Which is where the industry vs academia problem usually comes in — industry often only cares about knowledge of a particular tool, and only sometimes cares about knowledge-transferability (I think largely because HR exists, and operates independently of the actual engineer making the request, with the first pass review).
The company hires for Hadoop, the university teaches distributed systems, and ideally the student can be trained in Hadoop specific in short order.
India also offers an example of the extreme alternatives — heavily industry driven courses focusing on specific tools, and you end up with students having practical knowledge for current tooling... but no ability to transfer it. Like the kind of resource who refuses to program C# because they’re a Java developer, and it’s all they know
Most languages are context sensitive.
Most language tools are context free.
How did we go so wrong?
Languages being context sensitive results from hacking in new language features. It's a constant struggle to keep D context free :-/
Strictly speaking, D is not context free nor is any statically typed programming language. That said most languages, including D, have supersets that are context free and can be used to build an AST which can then be refined further with context sensitive checks (ie. variables are used after declaration) and then even further with type checks.
Many language tools don't need a full blown language parser and can get by with a context-free parser for the language's superset. Things like autocompletion, spell checking, documentation/highlighting can all be implemented using context-free parsers.
7 replies →
> Most languages are context sensitive. Most language tools are context free. How did we go so wrong?
We never did. We always knew that any real-world useful grammar is multi-level and attribute (well, it's constraint-based, though depending on your definition of "attribute grammar", those are equivalent). That's why we so much like recursive-descent parsers: adding any multi-level constraints are so easy to them - you have a full Turing-complete language at your disposal, unlike simplistic 1-dimensional DSLs of most parser generators.
Could this be viewed as supply exceeding demand?
Context-free grammars are ripe for theoretical computer science work even if they're not practically relevant.
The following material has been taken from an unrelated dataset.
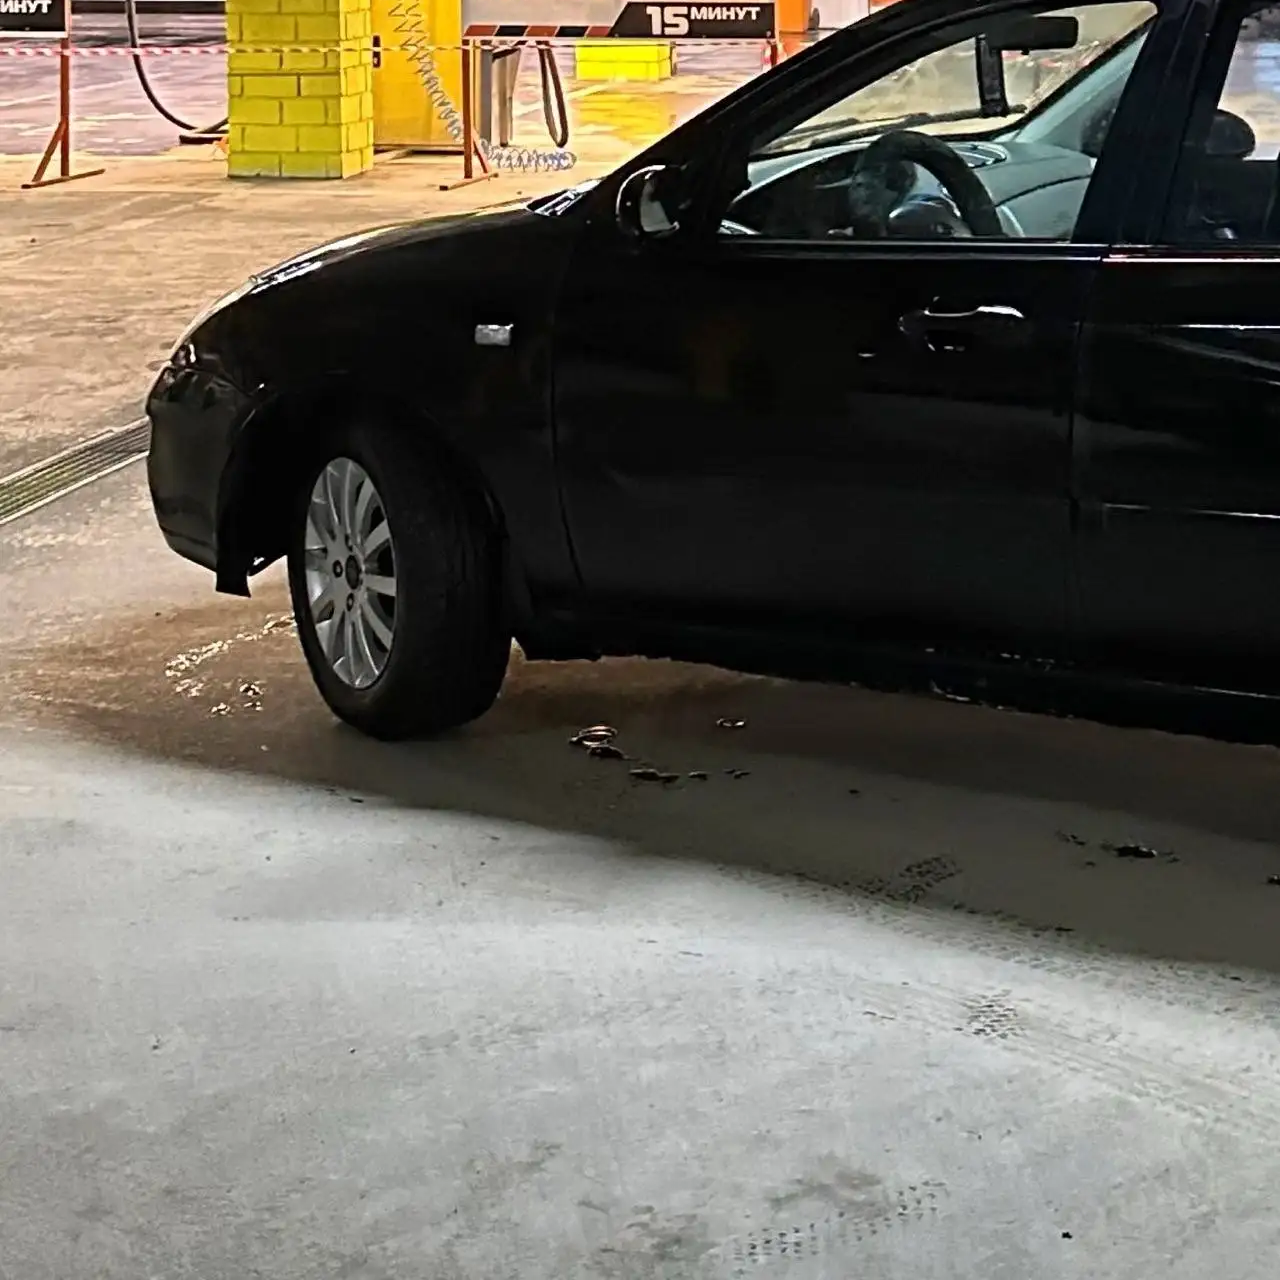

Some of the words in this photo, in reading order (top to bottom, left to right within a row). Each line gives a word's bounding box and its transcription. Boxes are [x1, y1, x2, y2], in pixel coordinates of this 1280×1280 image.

[0, 0, 52, 14] ИНУТ
[646, 6, 688, 36] 15
[690, 6, 761, 20] МИНУТ
On the flipside, I suppose the constraints of context-free grammars are seen as a price not worth paying when designing a language.
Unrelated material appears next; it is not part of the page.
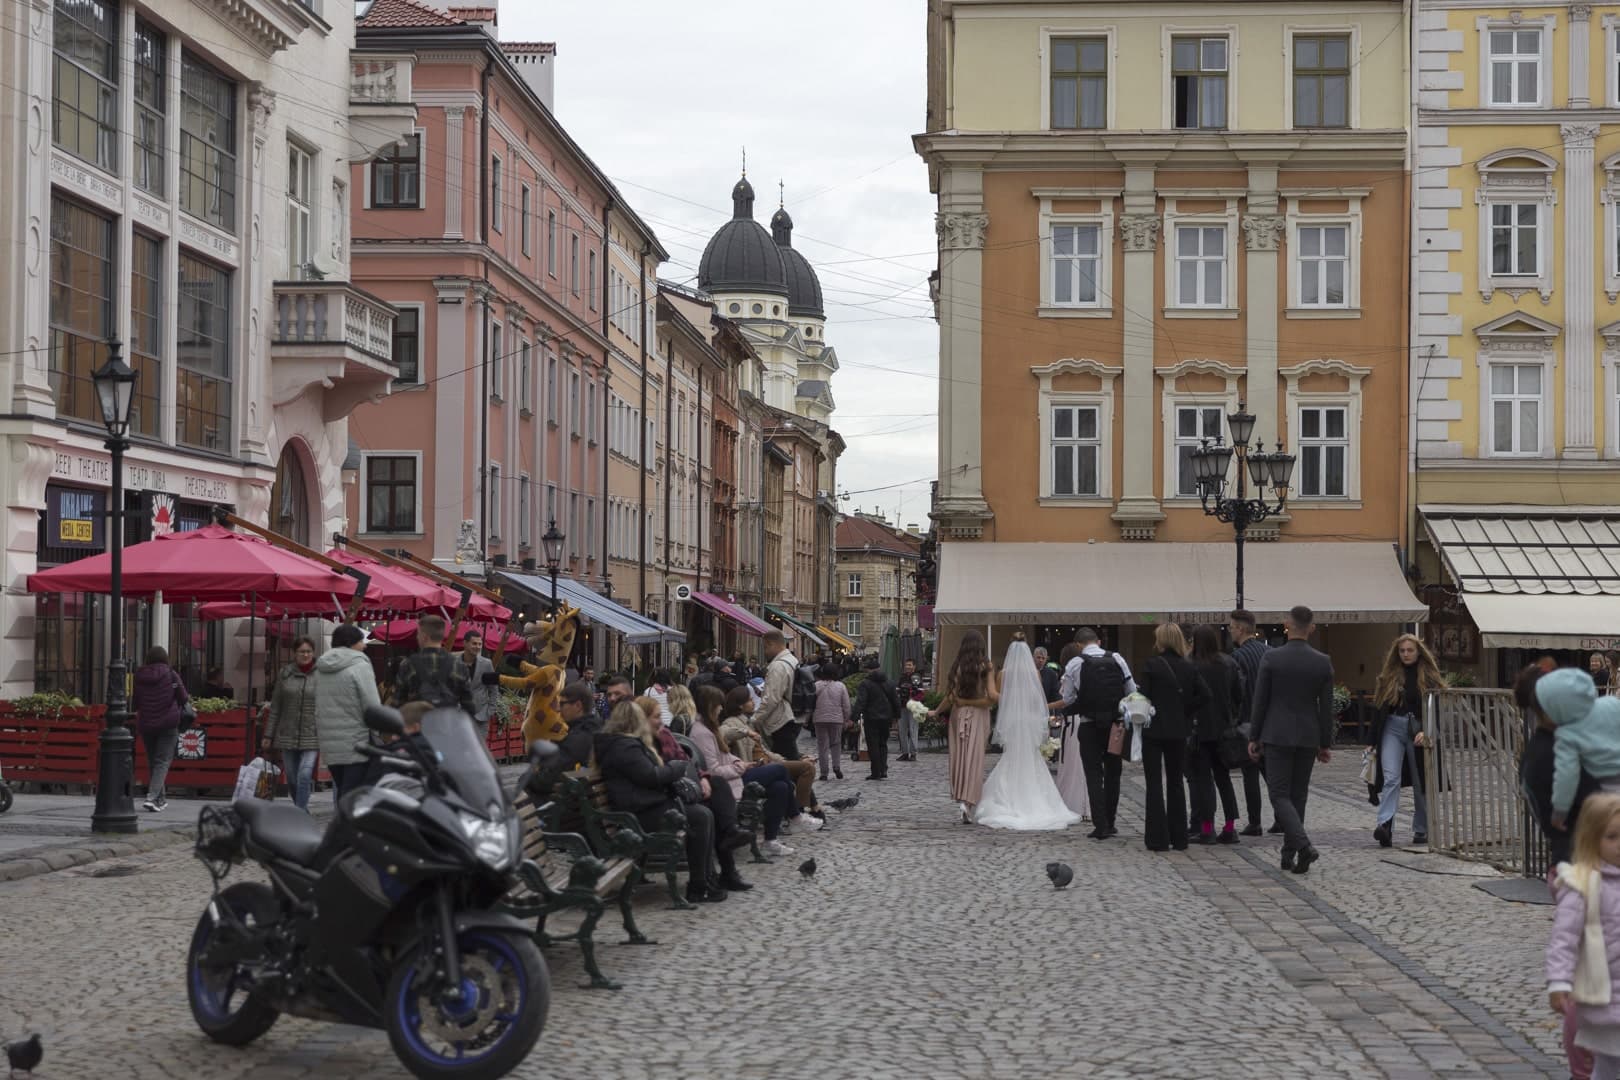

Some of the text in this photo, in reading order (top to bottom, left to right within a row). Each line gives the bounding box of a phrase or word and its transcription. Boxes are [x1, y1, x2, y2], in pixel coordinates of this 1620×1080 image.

[55, 452, 108, 481] BEER THEATRE
[60, 491, 93, 520] UKRAINE
Can you give an example (or three) where that lets us down? That would be very helpful to me I suspect.
Examples of which bit?
Languages that are context-sensitive? C, C++, Java, JavaScript.
Examples of tools based on the starting expectation that languages are context-free? Yacc, Bison, Jay.
Examples of the problems this causes? Well we're using the wrong tool for the job, right from the start. Instead of using an appropriate tool the first thing we do is bend our tools out of shape. We use side-effect actions to subvert the tool's model in an uncontrolled way. We don't get the full benefits of the tool's original model and can't rely on its guarantees.